• _PROBLEM TO SOLVE_: Could you transcribe every record below exactly as written, leaving out any pictures?

(Referring expression grounding data)
=======

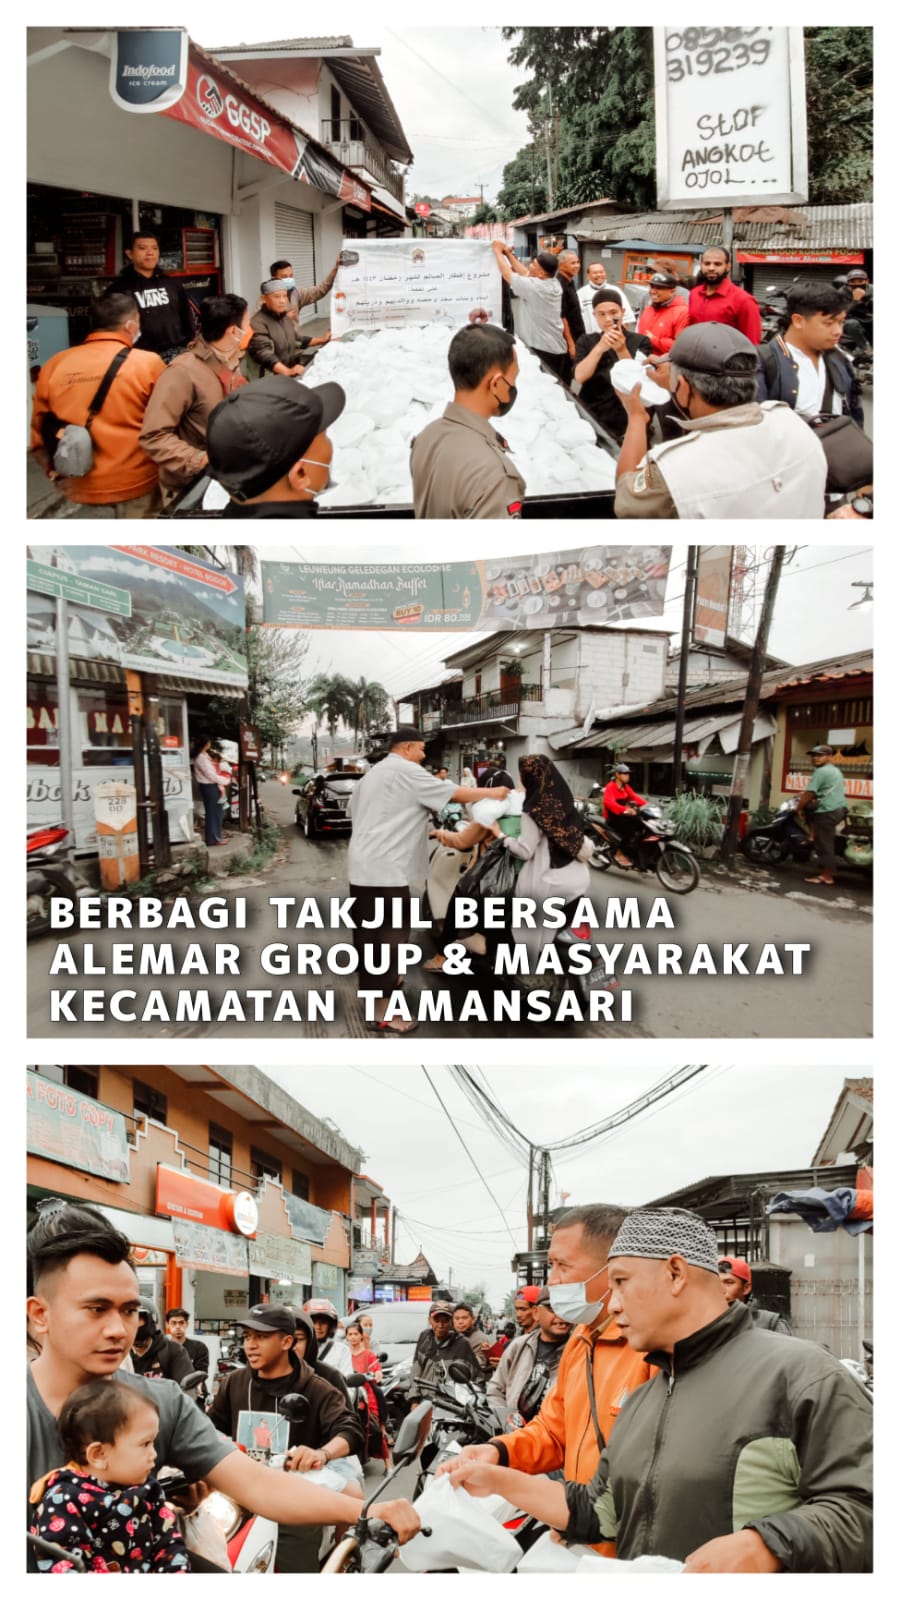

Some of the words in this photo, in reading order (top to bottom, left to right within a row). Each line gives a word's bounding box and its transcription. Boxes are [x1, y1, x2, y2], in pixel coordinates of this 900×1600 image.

[666, 39, 771, 82] 319239
[122, 64, 176, 79] Indofood
[225, 94, 271, 144] GGSP
[134, 287, 169, 309] VANS
[336, 576, 394, 597] Ramadhan
[396, 607, 411, 617] BUY
[424, 614, 441, 623] IDR
[37, 1081, 78, 1118] FOTO
[80, 1101, 116, 1136] COPY
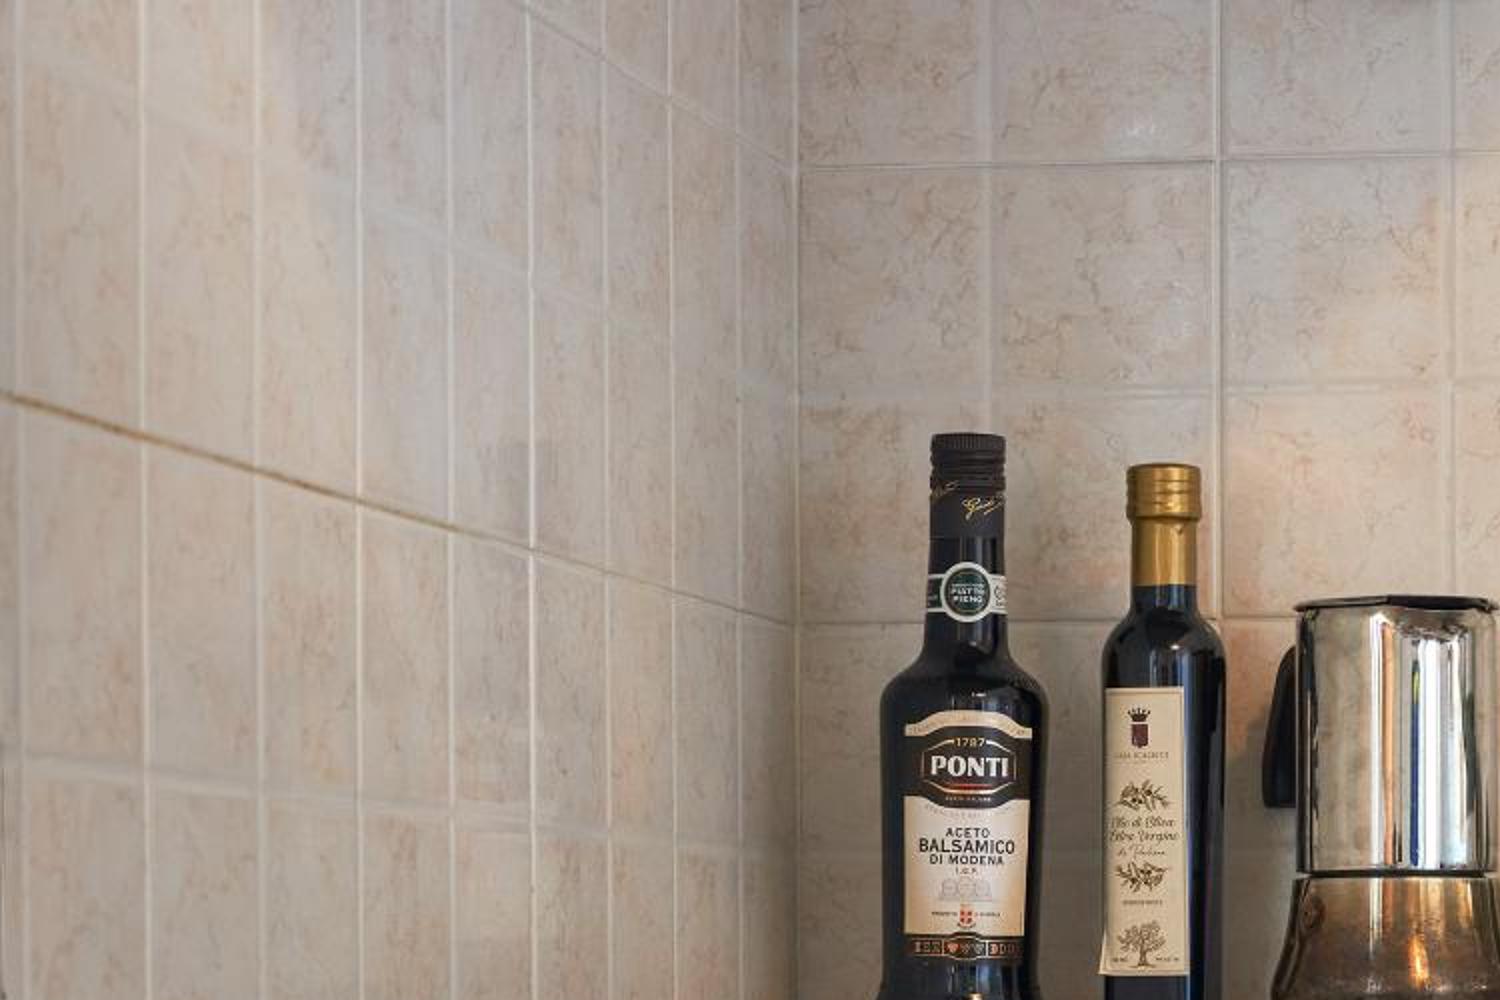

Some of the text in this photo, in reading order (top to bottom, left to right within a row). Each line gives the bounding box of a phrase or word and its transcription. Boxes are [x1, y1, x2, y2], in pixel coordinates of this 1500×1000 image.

=======

• _ANSWER TO THE EXERCISE_:
Some of the words in this photo, in reading order (top to bottom, left to right within a row). Each line gives a word's bounding box and its transcription. Boxes are [x1, y1, x2, y2], in pixel coordinates of this 900×1600 image.

[666, 39, 771, 82] 319239
[122, 64, 176, 79] Indofood
[225, 94, 271, 144] GGSP
[134, 287, 169, 309] VANS
[336, 576, 394, 597] Ramadhan
[396, 607, 411, 617] BUY
[424, 614, 441, 623] IDR
[37, 1081, 78, 1118] FOTO
[80, 1101, 116, 1136] COPY

Some of the text in this photo, in reading order (top to bottom, left to right within a row). Each line gives the bounding box of a phrase or word and its transcription. Boxes are [x1, y1, x2, y2], in pixel coordinates of this 1500×1000 image.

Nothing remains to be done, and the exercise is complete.